What to do:
Copy each of the records exactly.

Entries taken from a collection
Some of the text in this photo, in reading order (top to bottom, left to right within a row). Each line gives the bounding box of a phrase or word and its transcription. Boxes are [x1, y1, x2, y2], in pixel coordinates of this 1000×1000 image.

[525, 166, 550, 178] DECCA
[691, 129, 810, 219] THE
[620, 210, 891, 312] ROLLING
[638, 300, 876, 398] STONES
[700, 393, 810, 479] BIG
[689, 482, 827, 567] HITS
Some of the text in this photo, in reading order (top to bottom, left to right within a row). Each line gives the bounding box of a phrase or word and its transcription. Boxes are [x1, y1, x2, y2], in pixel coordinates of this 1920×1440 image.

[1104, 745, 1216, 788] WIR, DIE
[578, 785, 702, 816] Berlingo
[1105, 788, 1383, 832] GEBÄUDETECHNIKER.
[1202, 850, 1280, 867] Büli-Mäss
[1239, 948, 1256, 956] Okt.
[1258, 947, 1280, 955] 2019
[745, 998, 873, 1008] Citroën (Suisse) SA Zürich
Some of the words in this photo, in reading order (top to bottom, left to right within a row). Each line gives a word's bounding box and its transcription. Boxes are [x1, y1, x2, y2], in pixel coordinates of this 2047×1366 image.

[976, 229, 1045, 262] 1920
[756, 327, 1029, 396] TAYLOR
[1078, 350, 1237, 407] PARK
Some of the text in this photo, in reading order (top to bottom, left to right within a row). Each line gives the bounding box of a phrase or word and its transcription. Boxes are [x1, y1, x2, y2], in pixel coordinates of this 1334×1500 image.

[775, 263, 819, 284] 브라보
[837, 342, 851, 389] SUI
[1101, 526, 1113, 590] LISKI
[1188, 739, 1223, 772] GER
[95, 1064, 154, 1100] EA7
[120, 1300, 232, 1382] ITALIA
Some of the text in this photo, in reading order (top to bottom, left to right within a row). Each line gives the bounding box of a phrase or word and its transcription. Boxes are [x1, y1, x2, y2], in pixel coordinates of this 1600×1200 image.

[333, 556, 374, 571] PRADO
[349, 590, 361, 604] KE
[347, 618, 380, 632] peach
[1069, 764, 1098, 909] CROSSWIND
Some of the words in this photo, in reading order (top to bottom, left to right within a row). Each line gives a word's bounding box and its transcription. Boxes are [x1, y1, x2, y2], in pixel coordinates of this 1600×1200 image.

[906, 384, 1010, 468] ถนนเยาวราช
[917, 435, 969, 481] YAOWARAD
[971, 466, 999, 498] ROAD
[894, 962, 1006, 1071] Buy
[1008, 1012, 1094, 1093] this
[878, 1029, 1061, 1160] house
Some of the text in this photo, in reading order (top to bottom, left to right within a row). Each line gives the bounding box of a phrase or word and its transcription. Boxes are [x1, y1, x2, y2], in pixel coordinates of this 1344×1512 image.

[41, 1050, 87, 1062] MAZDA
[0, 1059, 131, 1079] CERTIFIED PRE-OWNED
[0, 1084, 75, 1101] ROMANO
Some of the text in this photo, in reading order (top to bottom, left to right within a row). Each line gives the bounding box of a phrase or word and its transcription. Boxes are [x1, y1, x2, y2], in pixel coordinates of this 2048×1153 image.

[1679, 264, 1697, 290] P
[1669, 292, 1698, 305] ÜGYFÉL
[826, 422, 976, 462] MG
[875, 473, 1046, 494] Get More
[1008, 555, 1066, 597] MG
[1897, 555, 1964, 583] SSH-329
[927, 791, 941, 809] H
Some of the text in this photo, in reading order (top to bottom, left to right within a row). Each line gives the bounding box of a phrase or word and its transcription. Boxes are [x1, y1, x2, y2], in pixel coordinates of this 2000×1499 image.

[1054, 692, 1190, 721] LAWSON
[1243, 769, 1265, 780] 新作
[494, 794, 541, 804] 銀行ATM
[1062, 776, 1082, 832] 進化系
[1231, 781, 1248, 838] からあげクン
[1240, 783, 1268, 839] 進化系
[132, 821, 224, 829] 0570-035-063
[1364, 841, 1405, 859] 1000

Answer to this exercise:
Some of the text in this photo, in reading order (top to bottom, left to right within a row). Each line gives the bounding box of a phrase or word and its transcription. Boxes are [x1, y1, x2, y2], in pixel coordinates of this 1000×1000 image.

[525, 166, 550, 178] DECCA
[691, 129, 810, 219] THE
[620, 210, 891, 312] ROLLING
[638, 300, 876, 398] STONES
[700, 393, 810, 479] BIG
[689, 482, 827, 567] HITS
Some of the text in this photo, in reading order (top to bottom, left to right within a row). Each line gives the bounding box of a phrase or word and its transcription. Boxes are [x1, y1, x2, y2], in pixel coordinates of this 1920×1440 image.

[1104, 745, 1216, 788] WIR, DIE
[578, 785, 702, 816] Berlingo
[1105, 788, 1383, 832] GEBÄUDETECHNIKER.
[1202, 850, 1280, 867] Büli-Mäss
[1239, 948, 1256, 956] Okt.
[1258, 947, 1280, 955] 2019
[745, 998, 873, 1008] Citroën (Suisse) SA Zürich
Some of the words in this photo, in reading order (top to bottom, left to right within a row). Each line gives a word's bounding box and its transcription. Boxes are [x1, y1, x2, y2], in pixel coordinates of this 2047×1366 image.

[976, 229, 1045, 262] 1920
[756, 327, 1029, 396] TAYLOR
[1078, 350, 1237, 407] PARK
Some of the text in this photo, in reading order (top to bottom, left to right within a row). Each line gives the bounding box of a phrase or word and its transcription. Boxes are [x1, y1, x2, y2], in pixel coordinates of this 1334×1500 image.

[775, 263, 819, 284] 브라보
[837, 342, 851, 389] SUI
[1101, 526, 1113, 590] LISKI
[1188, 739, 1223, 772] GER
[95, 1064, 154, 1100] EA7
[120, 1300, 232, 1382] ITALIA
Some of the text in this photo, in reading order (top to bottom, left to right within a row). Each line gives the bounding box of a phrase or word and its transcription. Boxes are [x1, y1, x2, y2], in pixel coordinates of this 1600×1200 image.

[333, 556, 374, 571] PRADO
[349, 590, 361, 604] KE
[347, 618, 380, 632] peach
[1069, 764, 1098, 909] CROSSWIND
Some of the words in this photo, in reading order (top to bottom, left to right within a row). Each line gives a word's bounding box and its transcription. Boxes are [x1, y1, x2, y2], in pixel coordinates of this 1600×1200 image.

[906, 384, 1010, 468] ถนนเยาวราช
[917, 435, 969, 481] YAOWARAD
[971, 466, 999, 498] ROAD
[894, 962, 1006, 1071] Buy
[1008, 1012, 1094, 1093] this
[878, 1029, 1061, 1160] house
Some of the text in this photo, in reading order (top to bottom, left to right within a row). Each line gives the bounding box of a phrase or word and its transcription. Boxes are [x1, y1, x2, y2], in pixel coordinates of this 1344×1512 image.

[41, 1050, 87, 1062] MAZDA
[0, 1059, 131, 1079] CERTIFIED PRE-OWNED
[0, 1084, 75, 1101] ROMANO
Some of the text in this photo, in reading order (top to bottom, left to right within a row). Each line gives the bounding box of a phrase or word and its transcription. Boxes are [x1, y1, x2, y2], in pixel coordinates of this 2048×1153 image.

[1679, 264, 1697, 290] P
[1669, 292, 1698, 305] ÜGYFÉL
[826, 422, 976, 462] MG
[875, 473, 1046, 494] Get More
[1008, 555, 1066, 597] MG
[1897, 555, 1964, 583] SSH-329
[927, 791, 941, 809] H
Some of the text in this photo, in reading order (top to bottom, left to right within a row). Each line gives the bounding box of a phrase or word and its transcription. Boxes are [x1, y1, x2, y2], in pixel coordinates of this 2000×1499 image.

[1054, 692, 1190, 721] LAWSON
[1243, 769, 1265, 780] 新作
[494, 794, 541, 804] 銀行ATM
[1062, 776, 1082, 832] 進化系
[1231, 781, 1248, 838] からあげクン
[1240, 783, 1268, 839] 進化系
[132, 821, 224, 829] 0570-035-063
[1364, 841, 1405, 859] 1000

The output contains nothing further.